Scottish soldier, traveller and author (1803–1885)

General Sir James Edward Alexander (16 October 1803 – 2 April 1885) was a Scottish traveller, writer and soldier in the British Army.

Alexander was the driving force behind the placement of Cleopatra's Needle on the Thames Embankment.

==Background==
Born in Stirling, he was the eldest son of Edward Alexander of Powis, Clackmannanshire, and his second wife Catherine Glas, daughter of John Glas, Provost of Stirling.

The family purchased Powis House near Stirling in 1808 from James Mayne (his uncle by marriage) for £26,500. His father, a banker, had to sell Powis House in 1827 on collapse of the Stirling Banking Company. He received his training in Edinburgh, Glasgow, and the Royal Military College, Sandhurst.

In 1837, he married Eveline Marie Mitchell (16 April 1821 – 1906), daughter of Colonel Charles Collier Michell, RA, surveyor general of Cape of Good Hope, in Cape Town on 25 October 1837.

In 1853, he obtained Westerton House in Bridge of Allan, built in 1803 by Dr John Henderson of the East India Company (a cousin and friend). Here he became an elder of Logie Kirk, walking there each Sunday.

He died in Ryde on the Isle of Wight but is buried in Old Logie Churchyard just east of his home town of Stirling. The graveyard lies several hundred metres north of Logie Cemetery and the 19th century Logie Kirk.

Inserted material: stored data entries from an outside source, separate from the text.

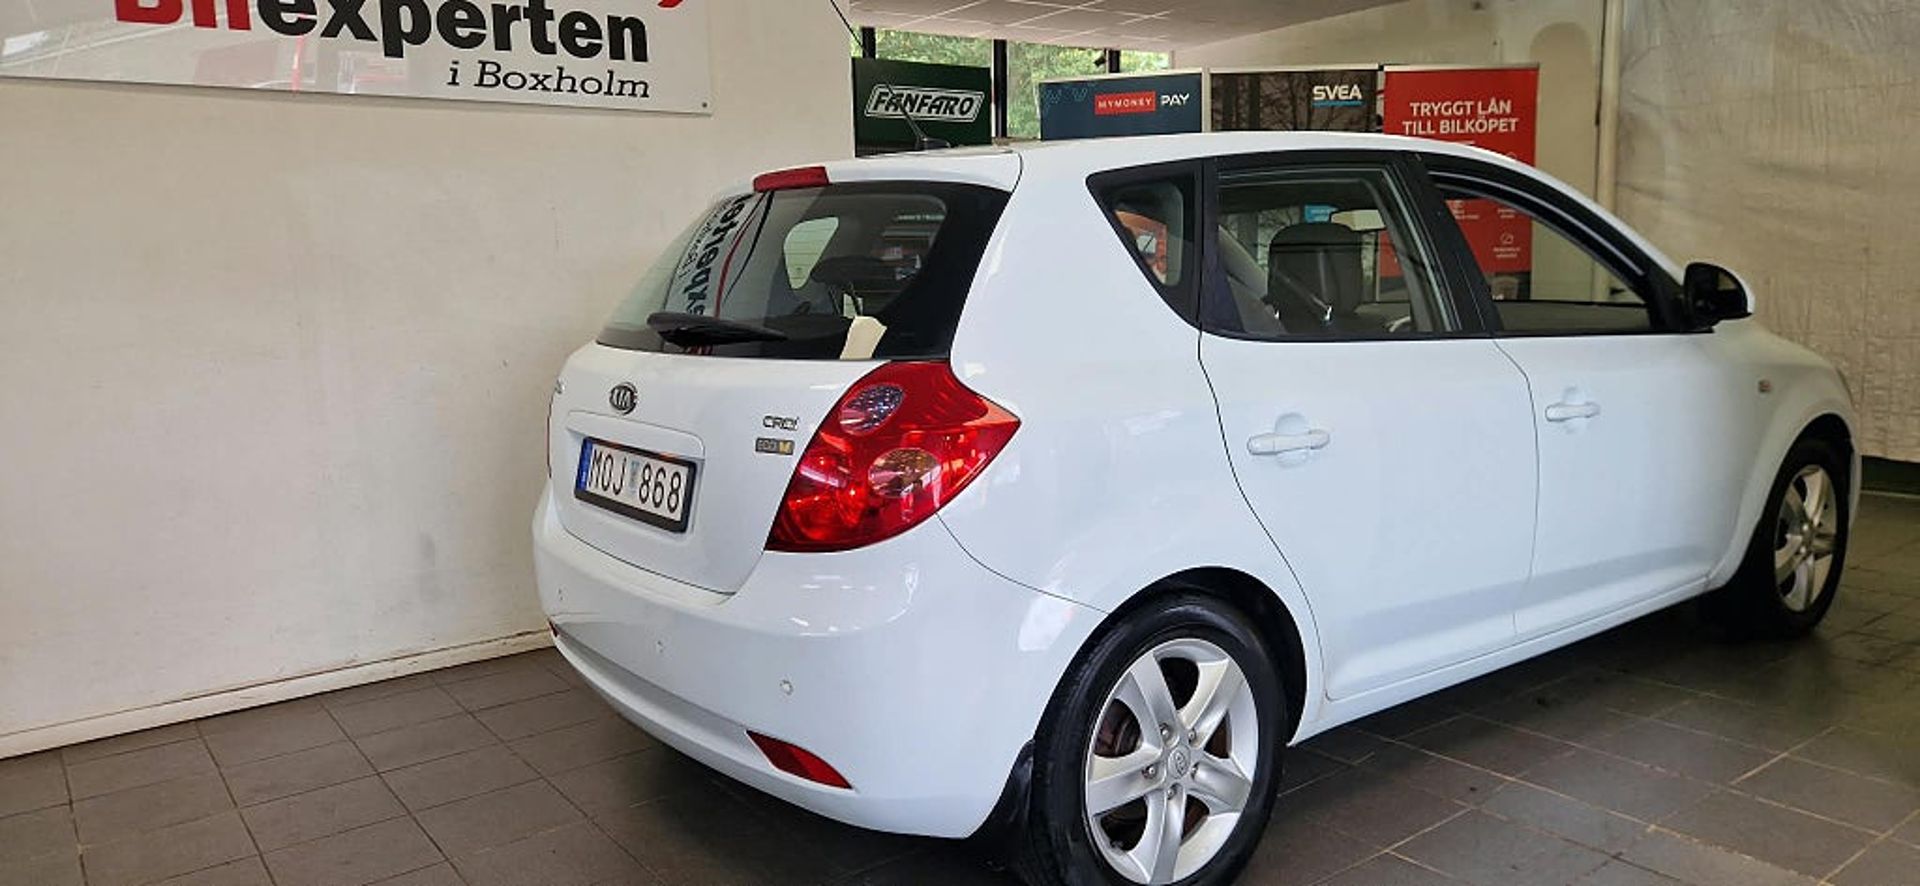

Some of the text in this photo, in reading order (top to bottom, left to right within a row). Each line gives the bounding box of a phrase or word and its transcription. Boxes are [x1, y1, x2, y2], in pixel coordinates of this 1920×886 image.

[446, 59, 650, 98] i Boxholm
[872, 90, 975, 116] FANFARO
[1097, 93, 1190, 109] MYMONEY PAY
[1312, 84, 1363, 101] SVEA
[1409, 97, 1512, 117] TRYGGT LÅN
[1402, 115, 1520, 136] TILL BILKÖPET
[588, 448, 682, 514] MOJ 868
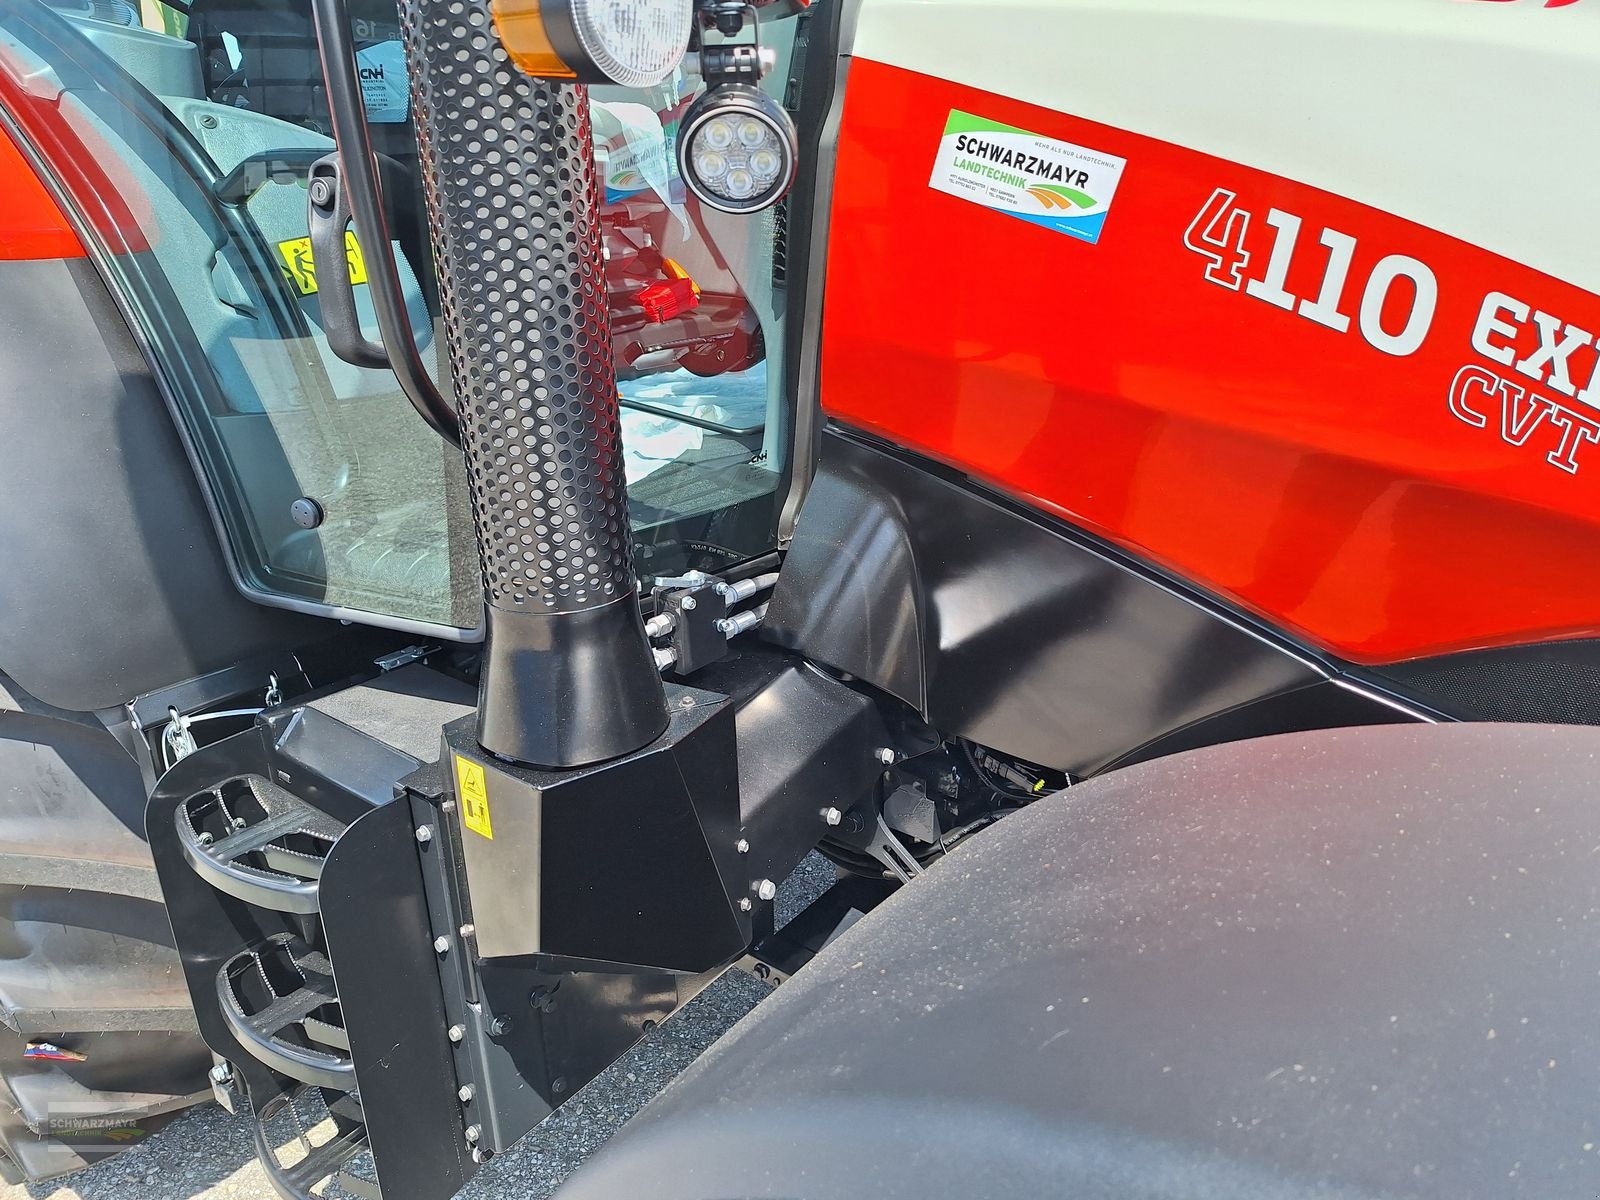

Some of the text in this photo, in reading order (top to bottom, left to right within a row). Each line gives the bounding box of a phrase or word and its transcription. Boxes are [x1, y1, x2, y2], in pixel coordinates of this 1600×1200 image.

[953, 156, 1028, 189] LANDTECHNIK
[955, 134, 1090, 189] SCHWARZMAYR
[1051, 146, 1061, 154] ALS
[1063, 149, 1075, 157] NUR
[1183, 187, 1438, 356] 4110
[1448, 364, 1600, 475] CVT
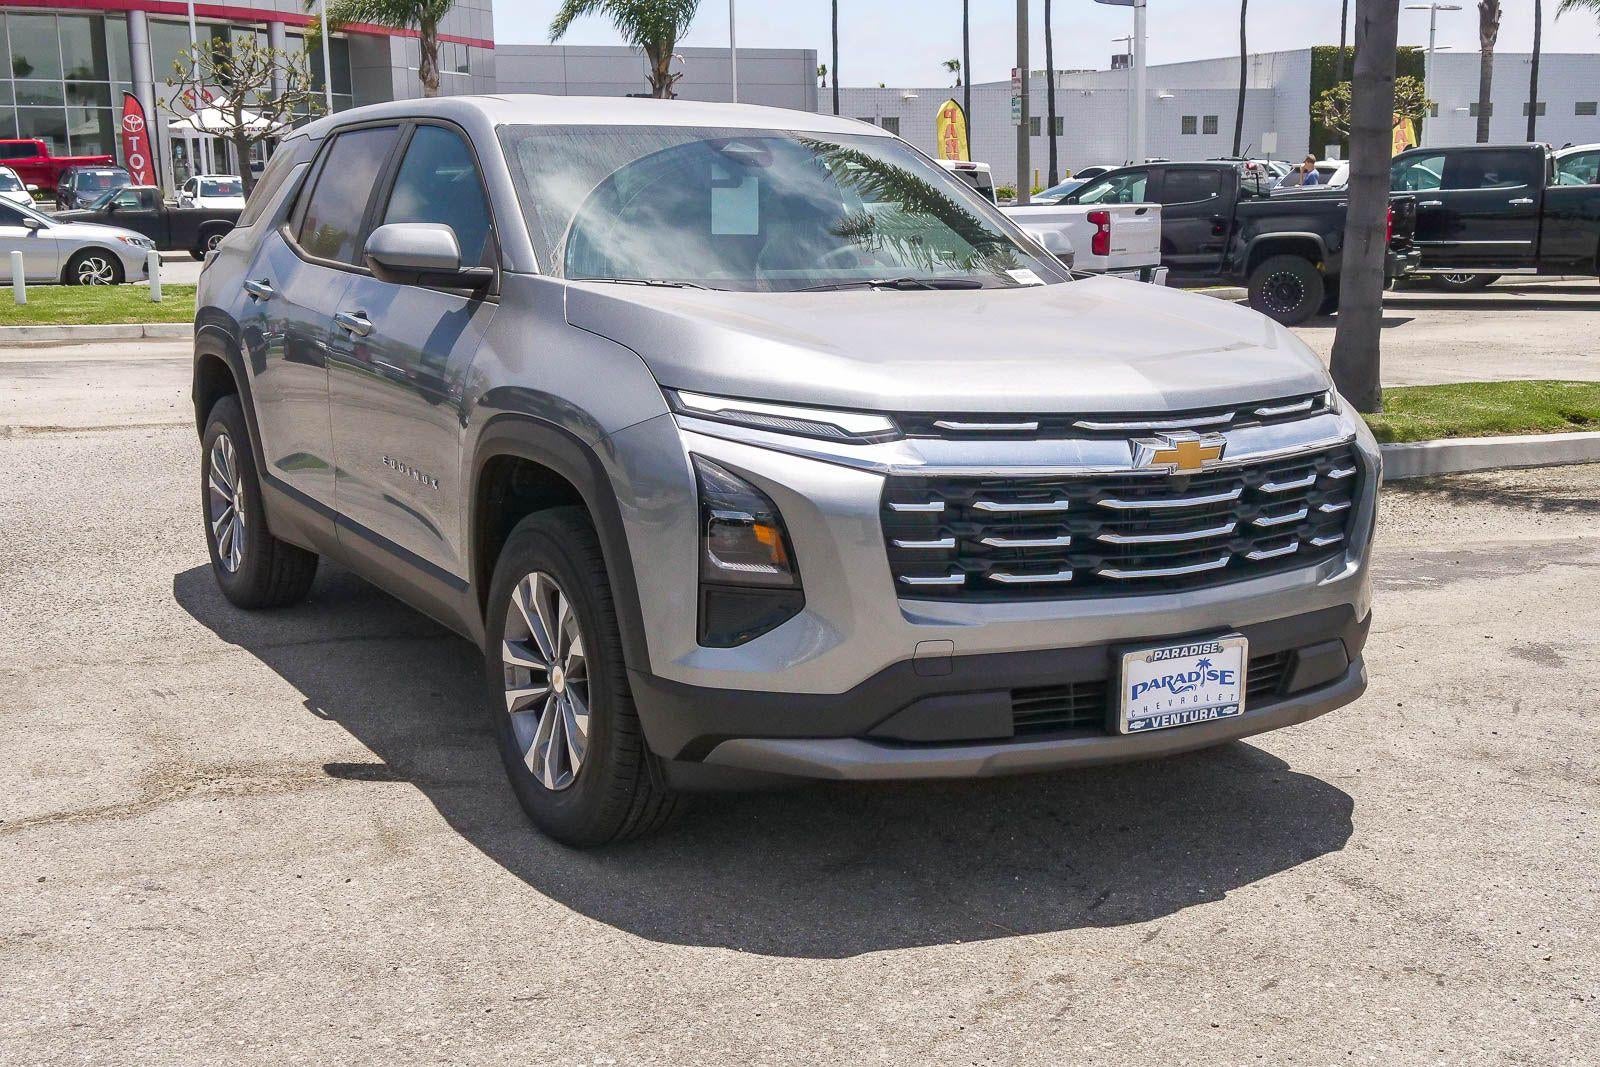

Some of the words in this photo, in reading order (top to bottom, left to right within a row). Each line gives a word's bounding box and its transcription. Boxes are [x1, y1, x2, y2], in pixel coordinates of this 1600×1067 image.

[382, 455, 439, 490] EQUINOX
[1153, 643, 1219, 661] PARADISE
[1131, 658, 1235, 700] PARADISE
[1131, 693, 1235, 718] CHEVROLET
[1151, 708, 1218, 728] VENTURA

After his death, his trustees sold Westerton House to Edmund Pullar.

==Military career==
In 1820, he joined the British East India Company's army, transferring into the British Army in 1825. As aide-de-camp to the British envoy to Persia, he witnessed fighting during the war between Persia and Russia in 1826 and in 1829 was present in the Balkans during the Russo-Turkish War, 1828-1829.

From 1832 to 1834, he witnessed the War of the Two Brothers in Portugal, and in 1835 he took part in the 6th Cape Frontier War in South Africa as aide-de-camp and private secretary to Sir Benjamin d'Urban.

In 1838, he was made a Knight Bachelor for his services. From 1841, he served in Canada, among others in the staff of Sir William Rowan. During the Crimean War, he commanded the 14th (Buckinghamshire) Regiment of Foot as lieutenant-colonel in the Siege of Sevastopol in 1855 and held an important command during the New Zealand Wars, from 1860 to 1862. Alexander published two books based on his experiences in New Zealand. He retired from active service in 1877 and on 1 July 1881 was given the honorary rank of general.

==Explorer==
On behalf of the Royal Geographical Society (which he had co-founded), he conducted an exploring expedition into Namaqualand and Damaraland, lasting from 8 September 1836 to 21 September 1837, in the course of which he collected rock specimens, pelts of rare animals, bird skins, weapons and implements from the Herero and Nama, as well as drawing maps of the region and making a first list of Herero words.

Subsequently, John Arrowsmith (cartographer) made use of his data to draw a map accompanying his book of the expedition. Alexander Bay on the Orange River mouth, is named after him.

In 1877, he was largely responsible for the preservation and transfer of Cleopatra's Needle to England.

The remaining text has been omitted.